Diagnosis gone awry: A flawed drug test could be sending thousands of innocent people to jail each year
peggyzuckerman at GMAIL.COM
Tue Jul 12 19:25:38 UTC 2016
Are there resources which are generally available to medical providers and
the public so as to alert them to the potential errors that exist in the
instances which Brian Jackson mentions? Just as well-educated patients are
told to discuss drug interactions with a pharmacist, especially when they
receive multiple meds from multiple providers, these tests would certainly
be affected by multiple drugs as well.
On Tue, Jul 12, 2016 at 12:16 PM, Jackson, Brian <brian.jackson at aruplab.com>
> Absolutely terrifying article; another indictment of our truly
> dysfunctional criminal justice system.
> We see analogous issues within healthcare settings. Drug testing is a
> huge industry, including both point-of-care devices and a range of
> commercial labs. At our lab we get calls all the time from physicians,
> nurses, and social workers asking whether a set of test results means that
> the patient was abusing or diverting a particular drug or not. Potential
> outcomes include expelling patients from pain management programs, removal
> of newborns from their mothers, and in some cases referral to the police.

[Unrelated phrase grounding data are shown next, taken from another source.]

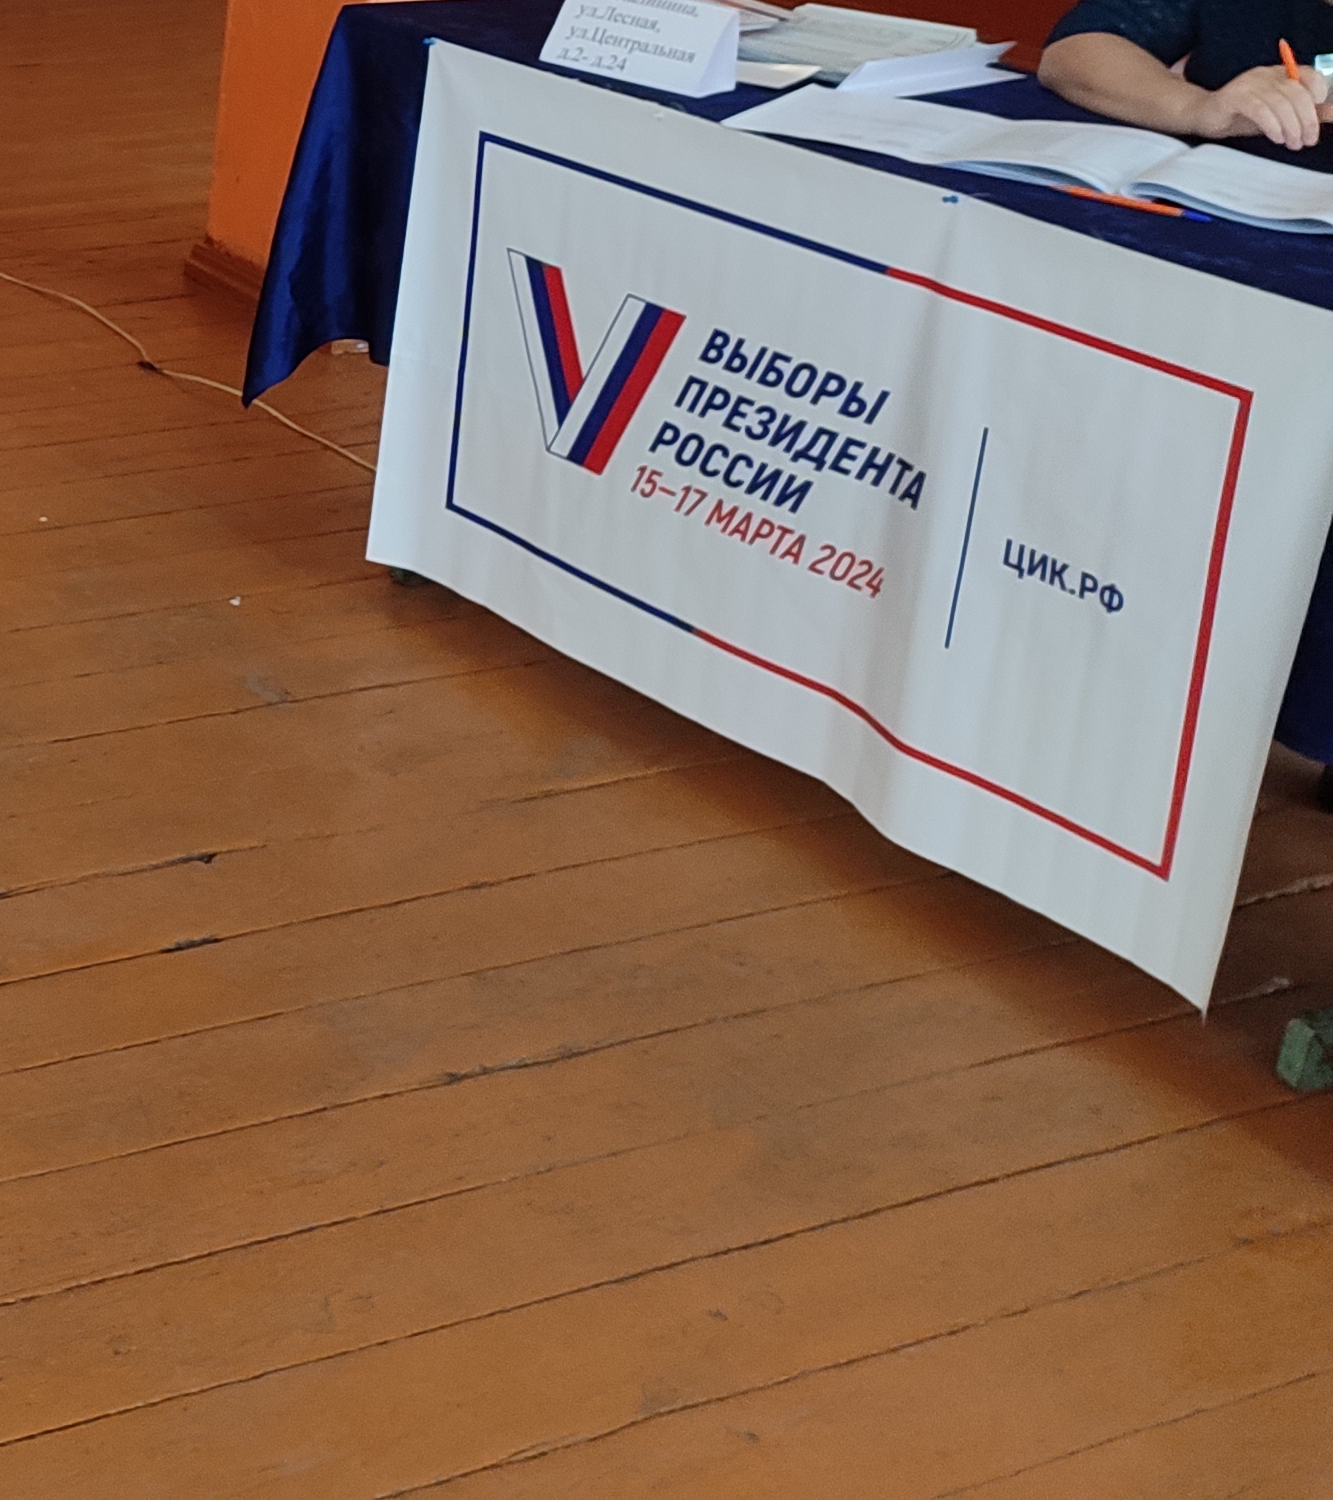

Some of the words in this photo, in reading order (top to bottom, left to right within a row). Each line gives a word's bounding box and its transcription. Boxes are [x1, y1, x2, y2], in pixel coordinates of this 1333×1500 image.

[565, 24, 696, 64] ул.Центральная
[698, 328, 891, 425] ВЫБОРЫ
[648, 421, 814, 514] РОССИИ
[674, 375, 927, 511] ПРЕЗИДЕНТА
[630, 465, 708, 517] 15–17
[704, 498, 807, 566] МАРТА
[808, 543, 885, 599] 2024
[1002, 538, 1125, 614] ЦИК.РФ
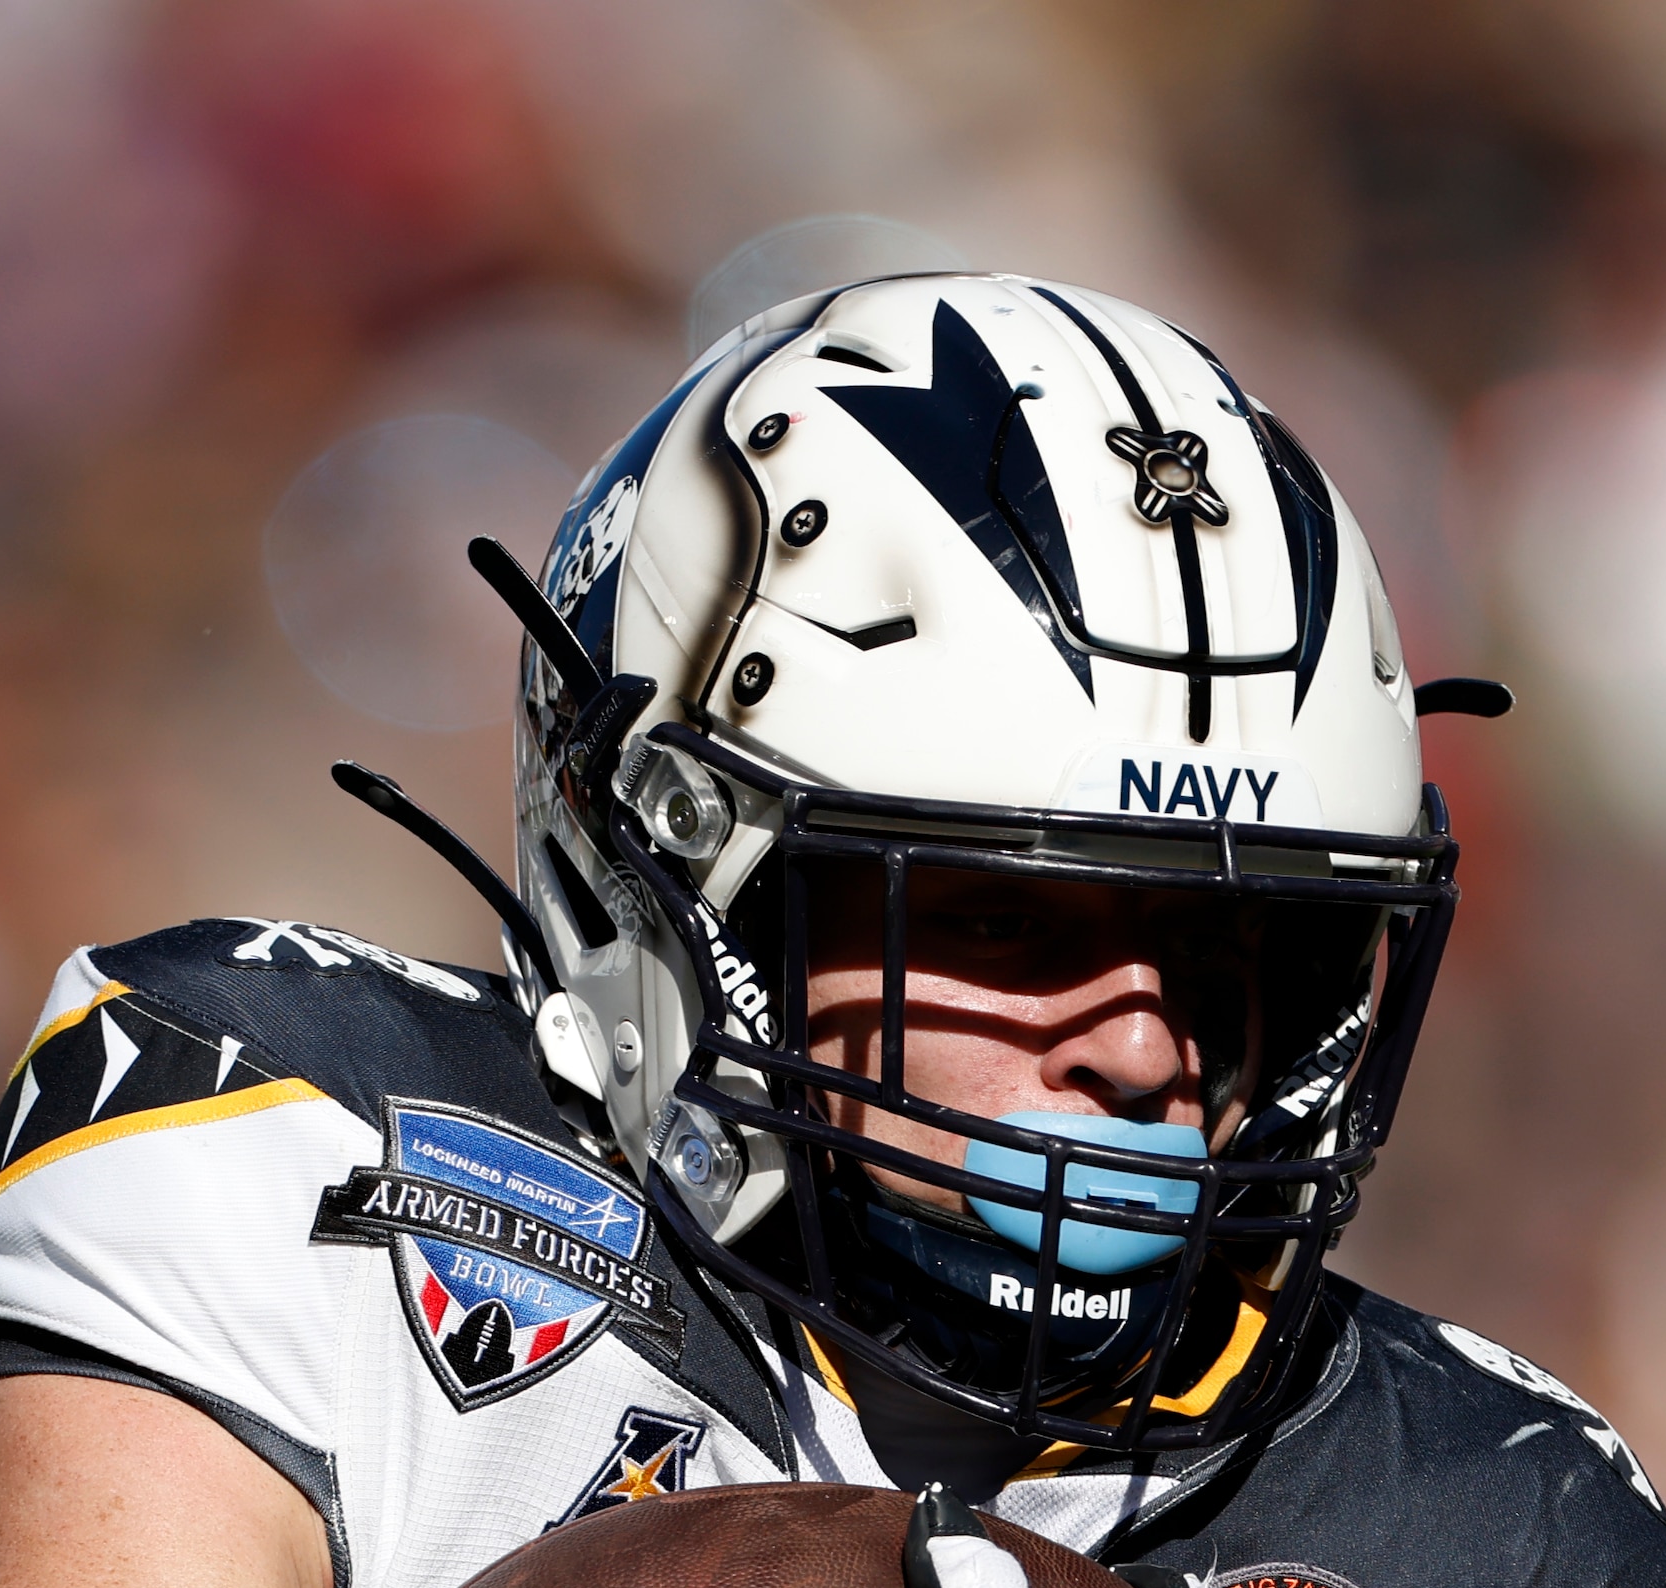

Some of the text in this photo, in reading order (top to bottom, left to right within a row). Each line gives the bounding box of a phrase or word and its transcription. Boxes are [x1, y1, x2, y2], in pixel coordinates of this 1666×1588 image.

[1119, 758, 1280, 822] NAVY
[412, 1138, 578, 1214] LOCKHEED MARTIN
[361, 1179, 652, 1309] ARMED FORCES
[449, 1252, 554, 1309] BOWL
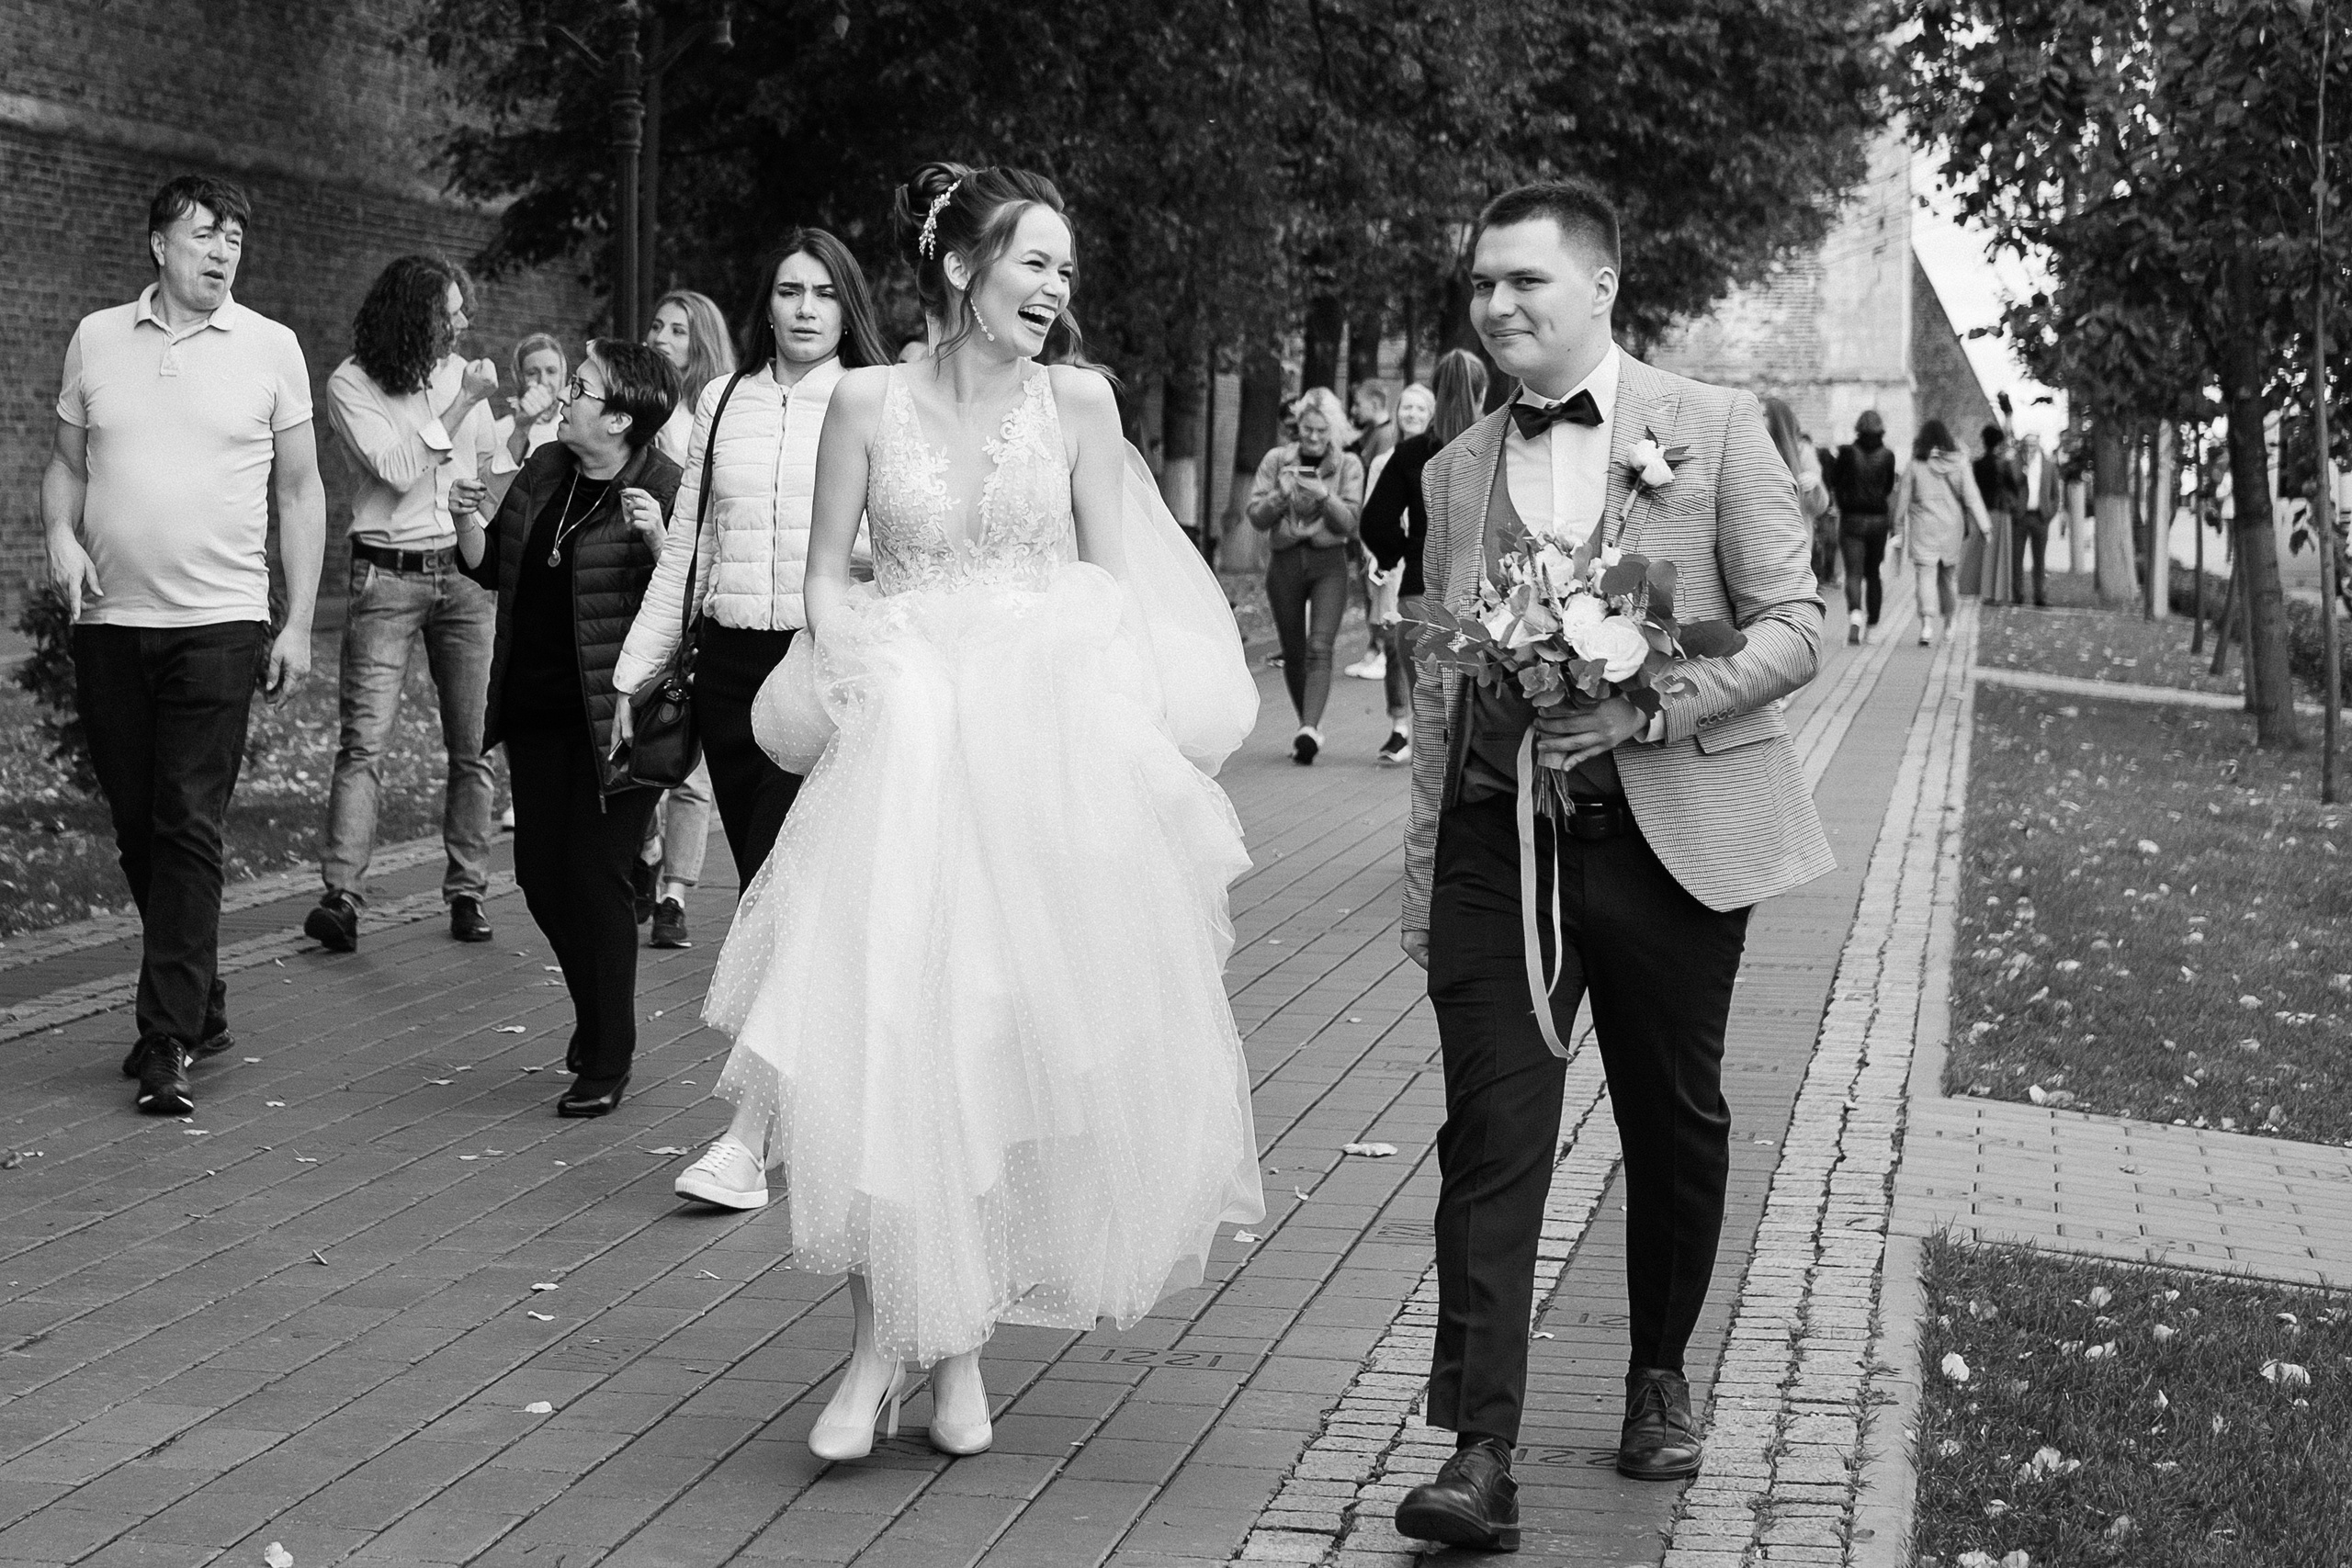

> Even scientifically "good" drug testing technologies often have
> interpretative subtleties due to complex and variable metabolic pathways,
> not to mention antibody cross-reactivity. Outside of healthcare settings,
> drug testing is increasingly being used by employers or even parents
> checking up on their teenagers.
> We're pleased to field these interpretive phone calls. What's worrisome
> is not knowing how many misunderstandings occur each day when the decision
> maker doesn't seek clarification, and what sorts of decisions might result
> from those misunderstandings.
> --Brian Jackson
> From: Mark Graber [graber.mark at GMAIL.COM]
> Sent: Tuesday, July 12, 2016 12:09 PM
> To: IMPROVEDX at LIST.IMPROVEDIAGNOSIS.ORG
> Subject: [IMPROVEDX] Diagnosis gone awry: A flawed drug test could be
> sending thousands of innocent people to jail each year
> This is a disturbing article in this week’s NY Times magazine on the
> roadside tests police use to detect narcotics. People are being jailed for
> narcotics possession based on tests that have high, and unknown, rates of
> false positive results.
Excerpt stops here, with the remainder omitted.